RECORDS TO USE: Begin

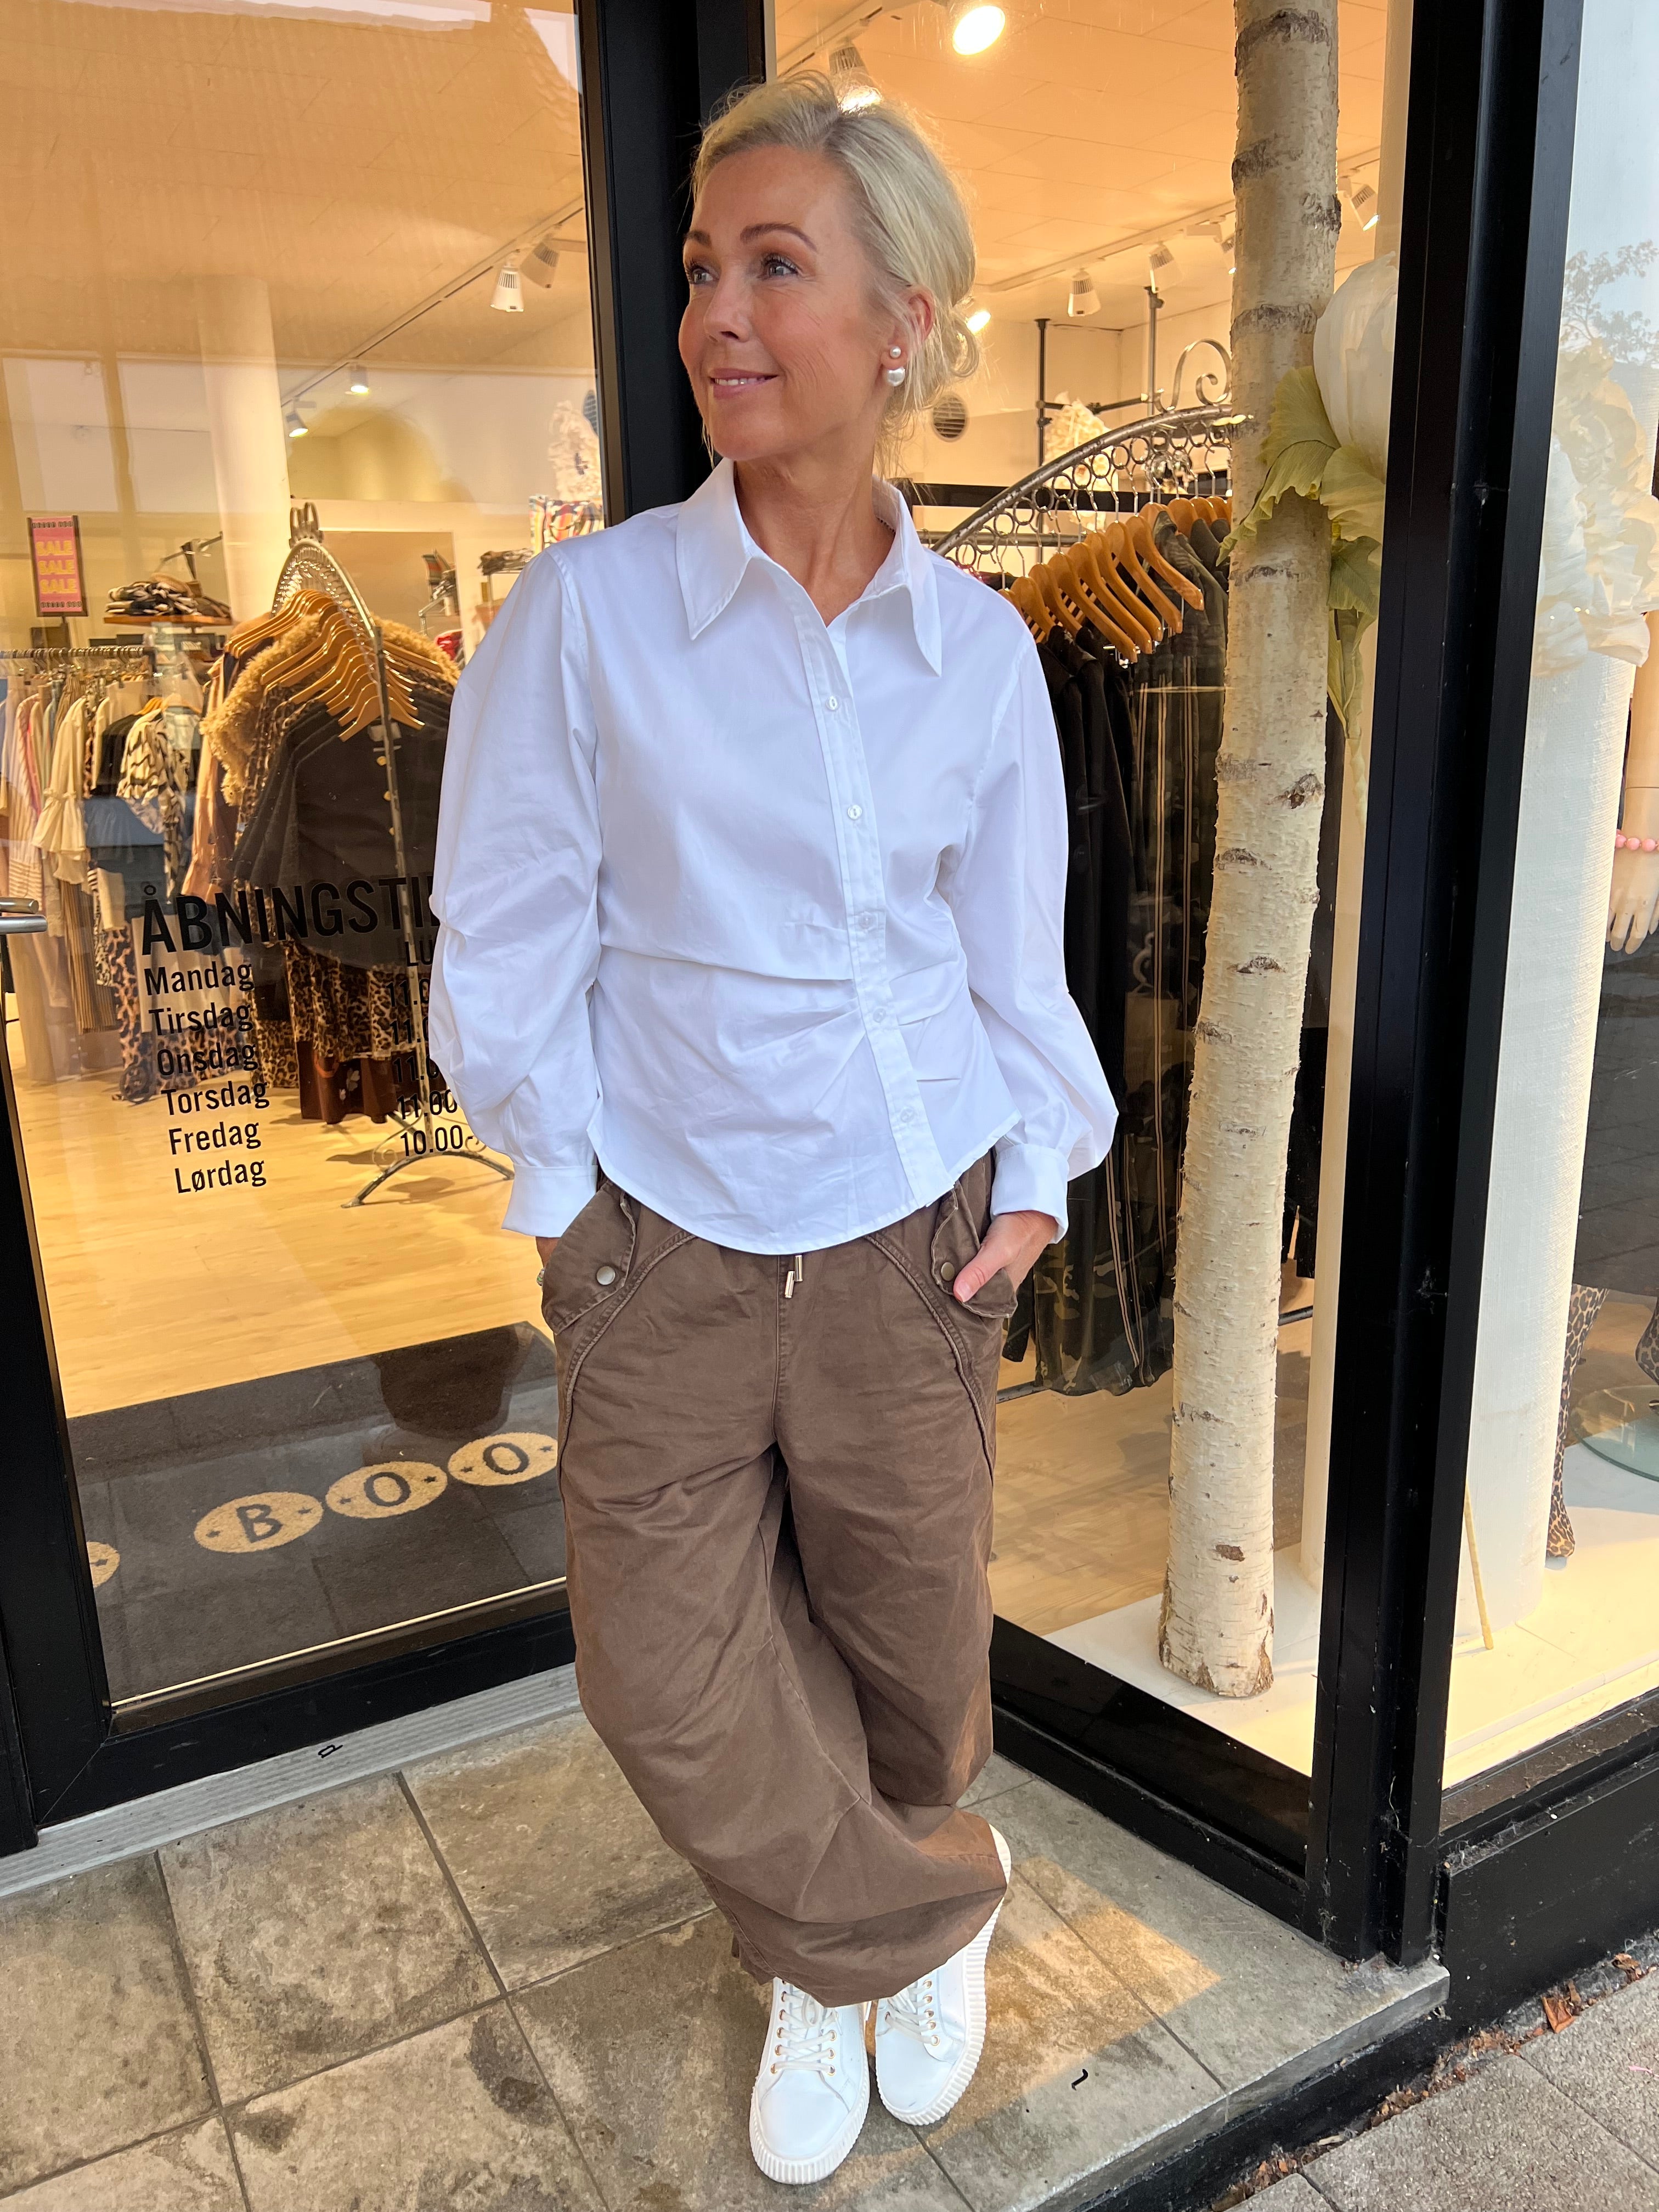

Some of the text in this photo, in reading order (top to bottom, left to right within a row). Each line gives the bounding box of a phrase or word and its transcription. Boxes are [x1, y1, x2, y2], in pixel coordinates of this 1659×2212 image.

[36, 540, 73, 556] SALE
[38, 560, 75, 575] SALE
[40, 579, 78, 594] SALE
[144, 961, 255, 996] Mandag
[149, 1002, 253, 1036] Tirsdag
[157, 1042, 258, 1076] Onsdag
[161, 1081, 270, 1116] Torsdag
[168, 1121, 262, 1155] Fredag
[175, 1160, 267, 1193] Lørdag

RECORDS TO USE: End

> _TASK GOAL_: Leaving out the pictures, repeat all of the entries exactly.

> _RESPONSE TO THE EXERCISE_:
Some of the text in this photo, in reading order (top to bottom, left to right within a row). Each line gives the bounding box of a phrase or word and its transcription. Boxes are [x1, y1, x2, y2], in pixel coordinates of this 1659×2212 image.

[36, 540, 73, 556] SALE
[38, 560, 75, 575] SALE
[40, 579, 78, 594] SALE
[144, 961, 255, 996] Mandag
[149, 1002, 253, 1036] Tirsdag
[157, 1042, 258, 1076] Onsdag
[161, 1081, 270, 1116] Torsdag
[168, 1121, 262, 1155] Fredag
[175, 1160, 267, 1193] Lørdag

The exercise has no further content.